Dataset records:

*** Block opens ***

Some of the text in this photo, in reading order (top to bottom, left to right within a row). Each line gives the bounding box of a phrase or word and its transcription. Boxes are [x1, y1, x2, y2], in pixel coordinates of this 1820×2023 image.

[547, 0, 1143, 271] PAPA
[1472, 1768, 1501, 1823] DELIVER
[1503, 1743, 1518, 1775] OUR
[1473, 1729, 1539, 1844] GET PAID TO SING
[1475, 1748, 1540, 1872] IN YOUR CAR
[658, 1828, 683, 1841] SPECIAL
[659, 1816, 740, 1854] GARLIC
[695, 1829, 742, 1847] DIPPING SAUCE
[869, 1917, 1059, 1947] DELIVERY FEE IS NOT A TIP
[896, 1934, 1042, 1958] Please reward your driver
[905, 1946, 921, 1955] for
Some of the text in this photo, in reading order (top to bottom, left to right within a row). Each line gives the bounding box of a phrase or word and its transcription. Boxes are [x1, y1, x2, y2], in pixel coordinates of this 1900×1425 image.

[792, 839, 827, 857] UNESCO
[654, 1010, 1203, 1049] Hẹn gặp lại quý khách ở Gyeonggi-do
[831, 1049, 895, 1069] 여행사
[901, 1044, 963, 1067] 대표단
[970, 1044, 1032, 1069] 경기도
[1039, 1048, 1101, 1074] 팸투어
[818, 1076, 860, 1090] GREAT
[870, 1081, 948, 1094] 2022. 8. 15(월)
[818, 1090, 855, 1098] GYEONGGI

*** Block closes ***

- [TRY IT]: Every record should be output precisely as it was given.

- [RESULT FOR THIS EXERCISE]:
Some of the text in this photo, in reading order (top to bottom, left to right within a row). Each line gives the bounding box of a phrase or word and its transcription. Boxes are [x1, y1, x2, y2], in pixel coordinates of this 1820×2023 image.

[547, 0, 1143, 271] PAPA
[1472, 1768, 1501, 1823] DELIVER
[1503, 1743, 1518, 1775] OUR
[1473, 1729, 1539, 1844] GET PAID TO SING
[1475, 1748, 1540, 1872] IN YOUR CAR
[658, 1828, 683, 1841] SPECIAL
[659, 1816, 740, 1854] GARLIC
[695, 1829, 742, 1847] DIPPING SAUCE
[869, 1917, 1059, 1947] DELIVERY FEE IS NOT A TIP
[896, 1934, 1042, 1958] Please reward your driver
[905, 1946, 921, 1955] for
Some of the text in this photo, in reading order (top to bottom, left to right within a row). Each line gives the bounding box of a phrase or word and its transcription. Boxes are [x1, y1, x2, y2], in pixel coordinates of this 1900×1425 image.

[792, 839, 827, 857] UNESCO
[654, 1010, 1203, 1049] Hẹn gặp lại quý khách ở Gyeonggi-do
[831, 1049, 895, 1069] 여행사
[901, 1044, 963, 1067] 대표단
[970, 1044, 1032, 1069] 경기도
[1039, 1048, 1101, 1074] 팸투어
[818, 1076, 860, 1090] GREAT
[870, 1081, 948, 1094] 2022. 8. 15(월)
[818, 1090, 855, 1098] GYEONGGI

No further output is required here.